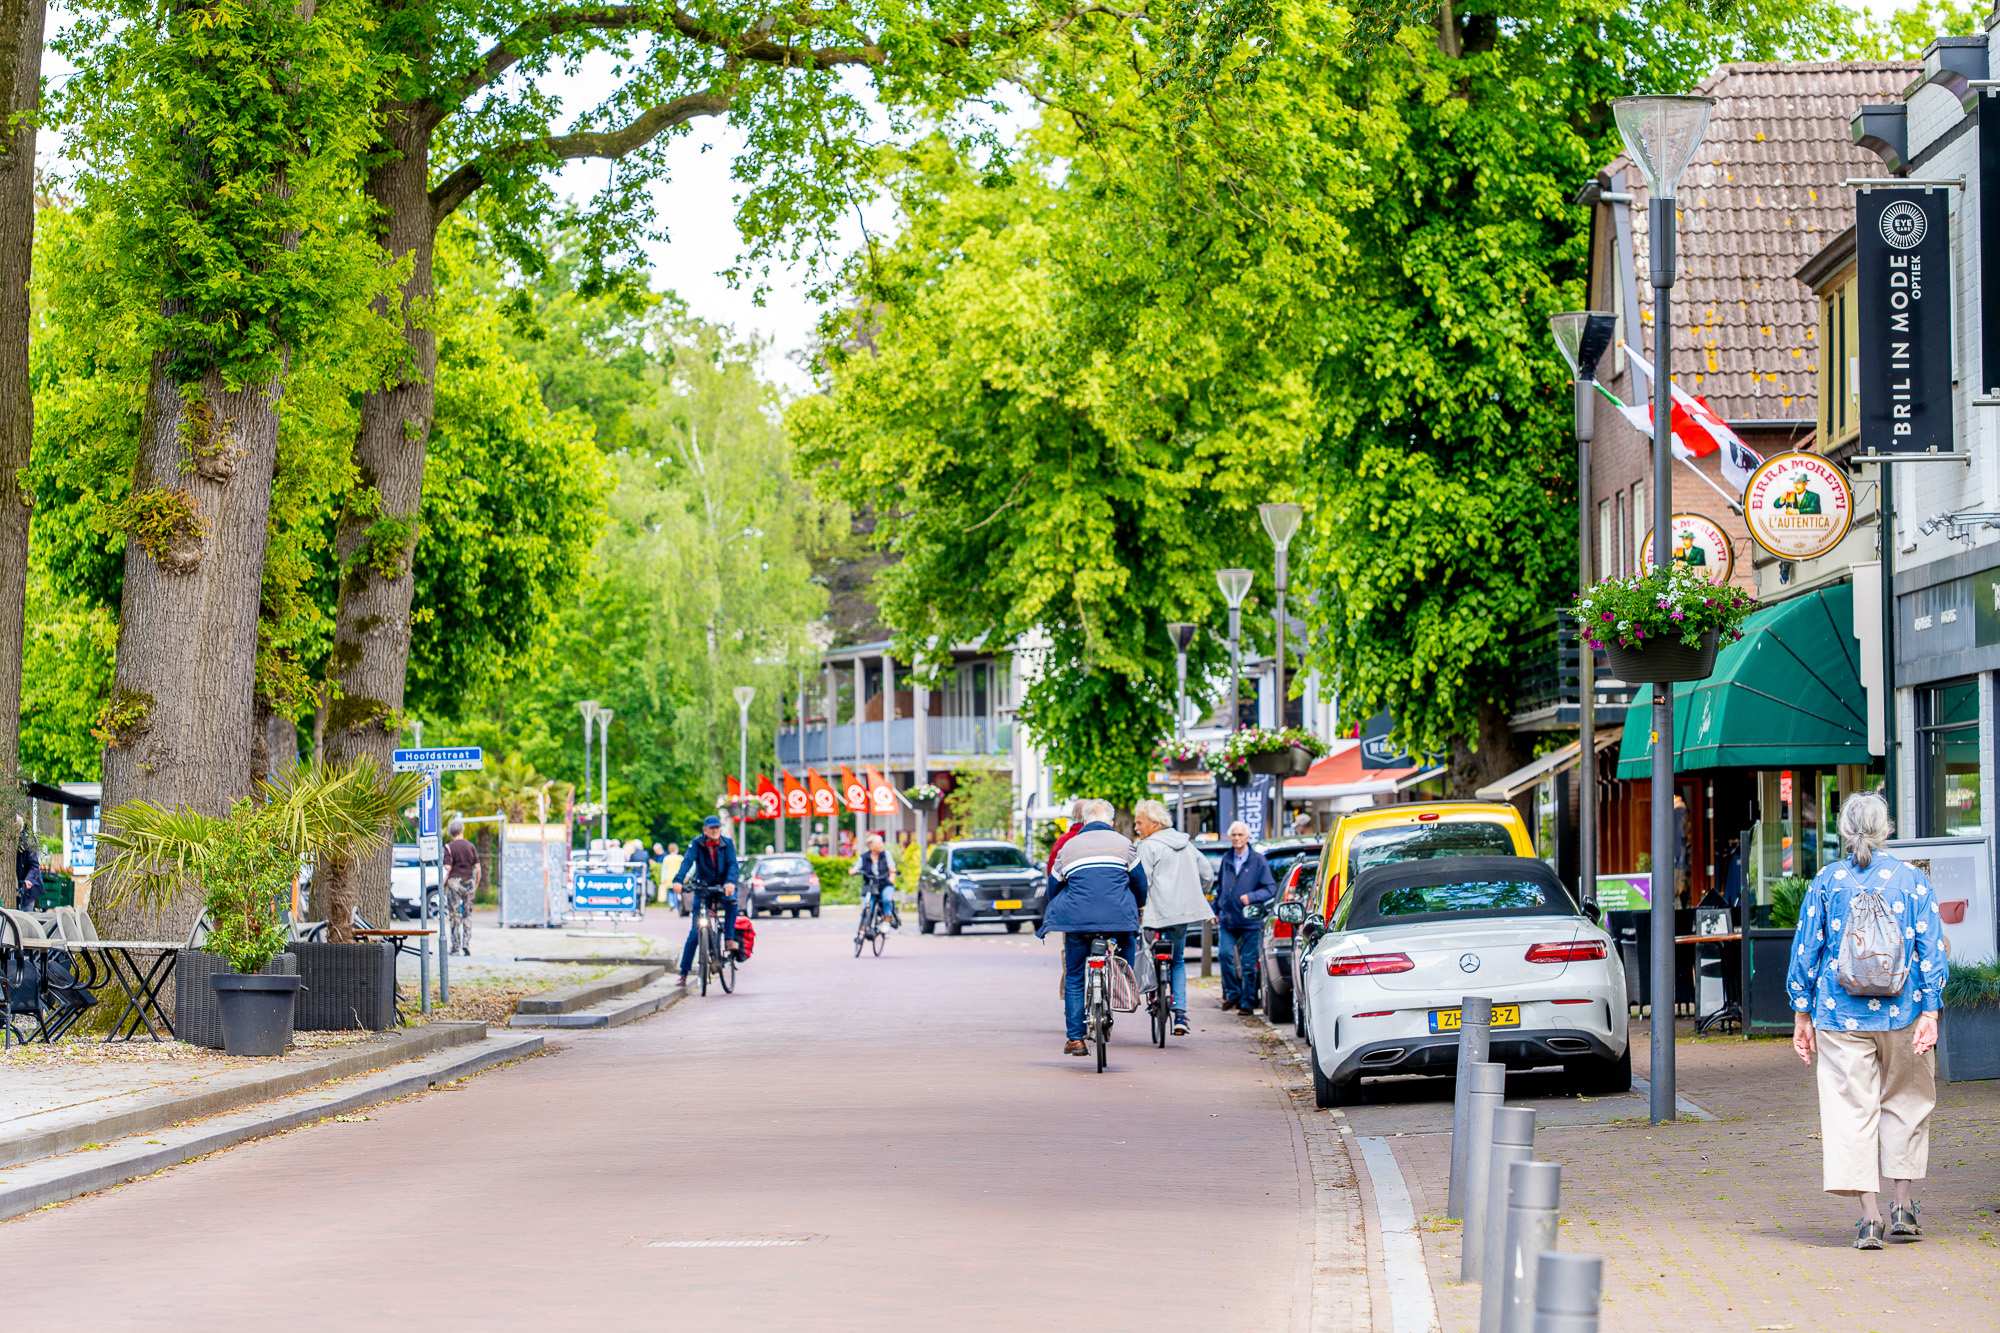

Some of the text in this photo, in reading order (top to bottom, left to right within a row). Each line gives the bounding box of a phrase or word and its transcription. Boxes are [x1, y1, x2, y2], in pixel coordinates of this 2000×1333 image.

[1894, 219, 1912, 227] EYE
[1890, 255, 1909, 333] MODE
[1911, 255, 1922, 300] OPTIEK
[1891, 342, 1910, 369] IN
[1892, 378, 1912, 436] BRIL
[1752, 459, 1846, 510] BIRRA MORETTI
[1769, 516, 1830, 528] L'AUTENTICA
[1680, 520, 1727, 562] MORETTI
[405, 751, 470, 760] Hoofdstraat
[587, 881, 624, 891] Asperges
⁂
> **What you have to do**: Please return the lines above exactly, with the pictures omitted.

> **Problem solution**:
Some of the text in this photo, in reading order (top to bottom, left to right within a row). Each line gives the bounding box of a phrase or word and its transcription. Boxes are [x1, y1, x2, y2], in pixel coordinates of this 2000×1333 image.

[1894, 219, 1912, 227] EYE
[1890, 255, 1909, 333] MODE
[1911, 255, 1922, 300] OPTIEK
[1891, 342, 1910, 369] IN
[1892, 378, 1912, 436] BRIL
[1752, 459, 1846, 510] BIRRA MORETTI
[1769, 516, 1830, 528] L'AUTENTICA
[1680, 520, 1727, 562] MORETTI
[405, 751, 470, 760] Hoofdstraat
[587, 881, 624, 891] Asperges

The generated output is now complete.